Exercise details> Each entry below should be returned exactly as is, with the pictures removed.

Dataset entries
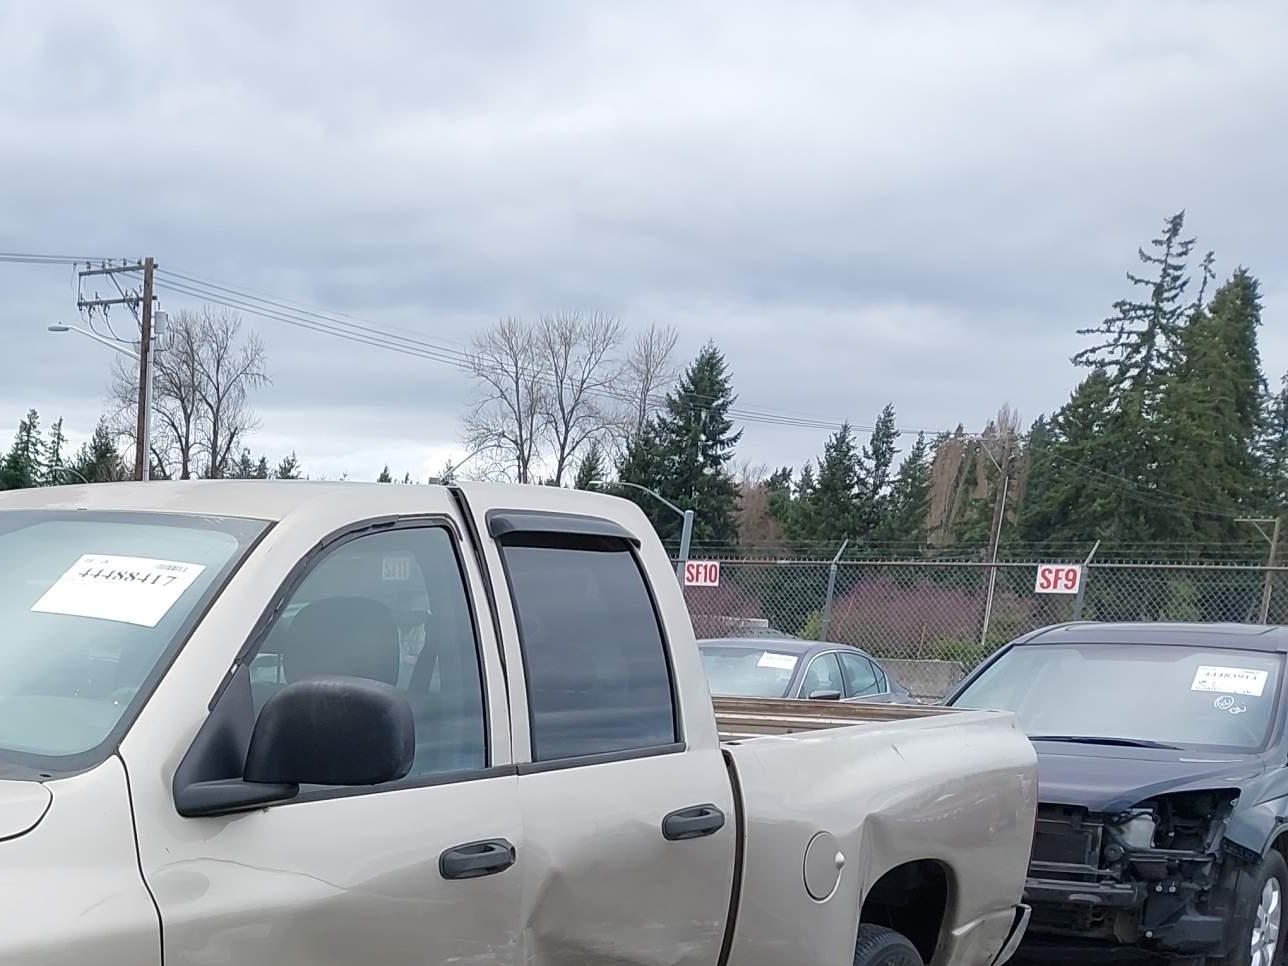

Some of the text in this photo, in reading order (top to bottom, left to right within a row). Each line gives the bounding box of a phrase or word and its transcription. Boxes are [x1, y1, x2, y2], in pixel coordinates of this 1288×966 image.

[78, 567, 177, 587] 44488417
[686, 563, 718, 583] SF10
[1039, 568, 1078, 590] SF9
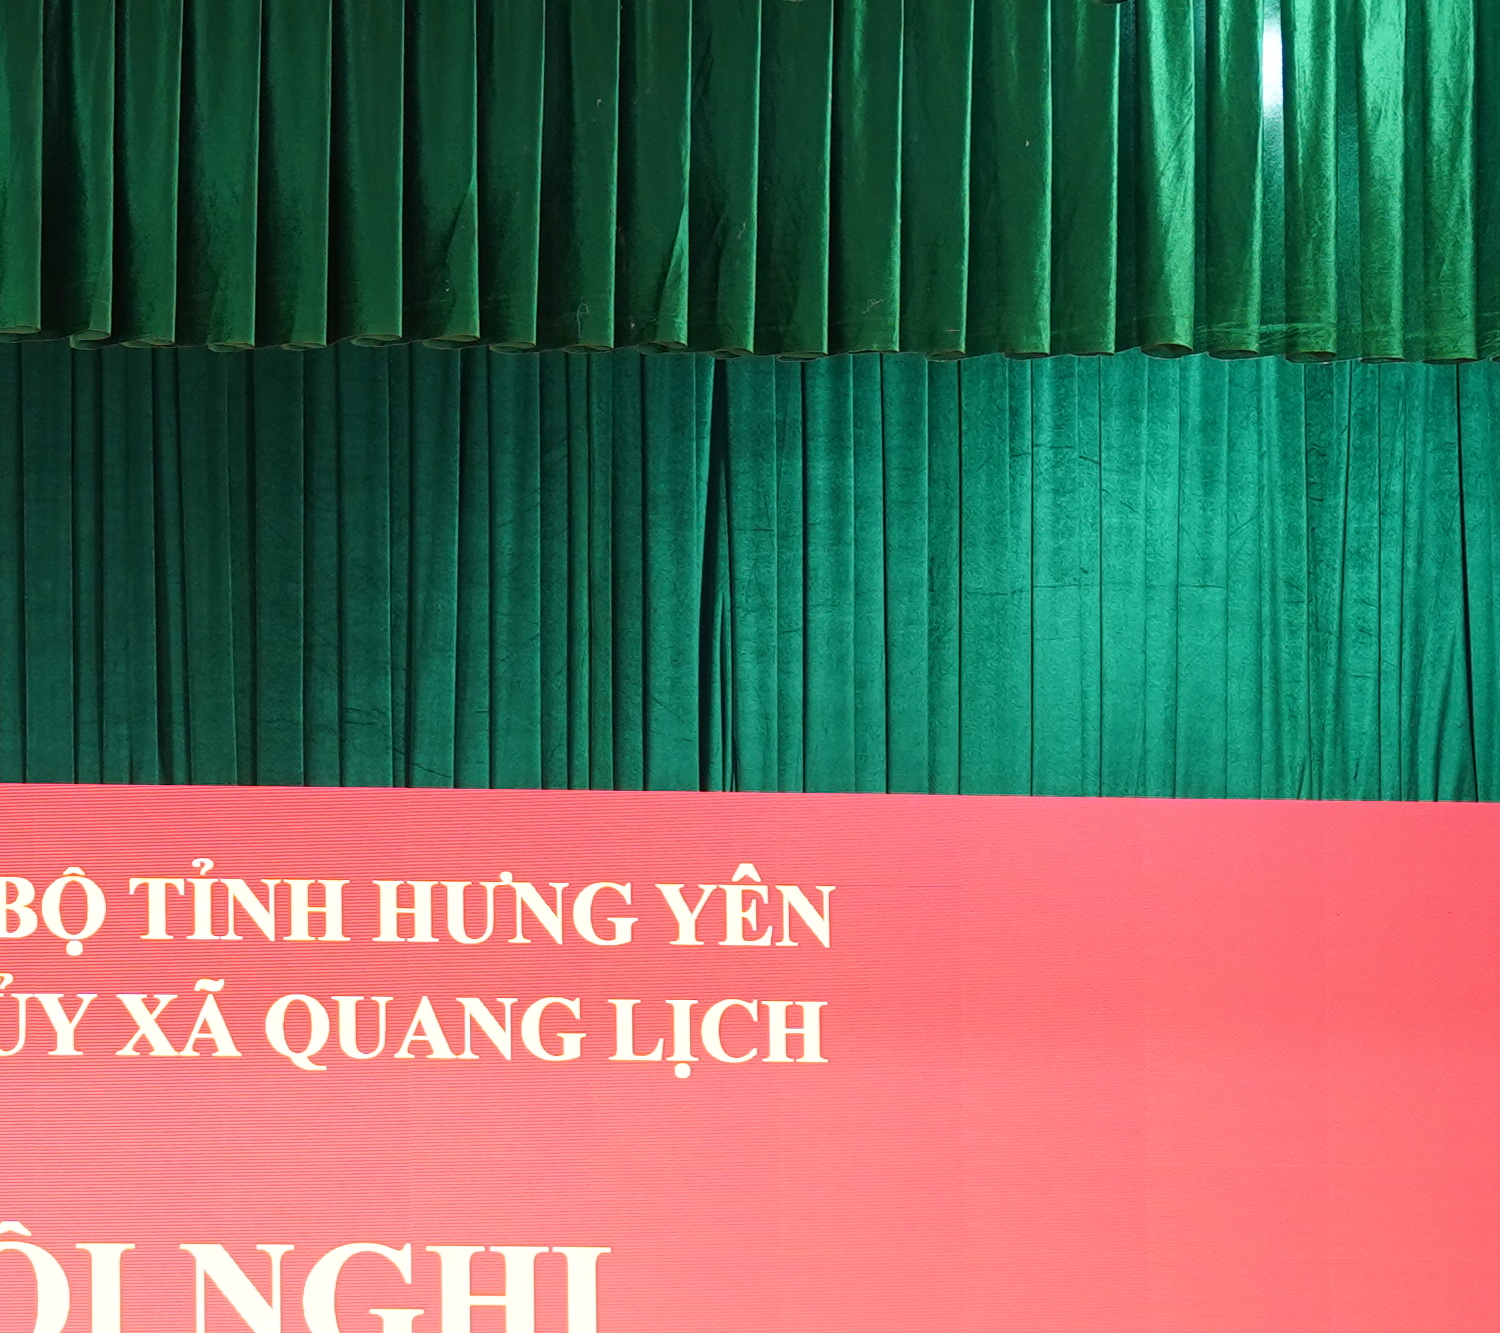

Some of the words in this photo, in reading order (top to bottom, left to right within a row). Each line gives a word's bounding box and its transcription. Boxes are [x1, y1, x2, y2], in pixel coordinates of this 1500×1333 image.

Solved exercise>
Some of the text in this photo, in reading order (top to bottom, left to right within a row). Each line gives the bounding box of a phrase or word and its transcription. Boxes are [x1, y1, x2, y2], in pixel coordinates of this 1288×966 image.

[78, 567, 177, 587] 44488417
[686, 563, 718, 583] SF10
[1039, 568, 1078, 590] SF9

Some of the words in this photo, in reading order (top to bottom, left to right within a row). Each line gives a word's bounding box and its transcription. Boxes are [x1, y1, x2, y2], in pixel coordinates of this 1500×1333 image.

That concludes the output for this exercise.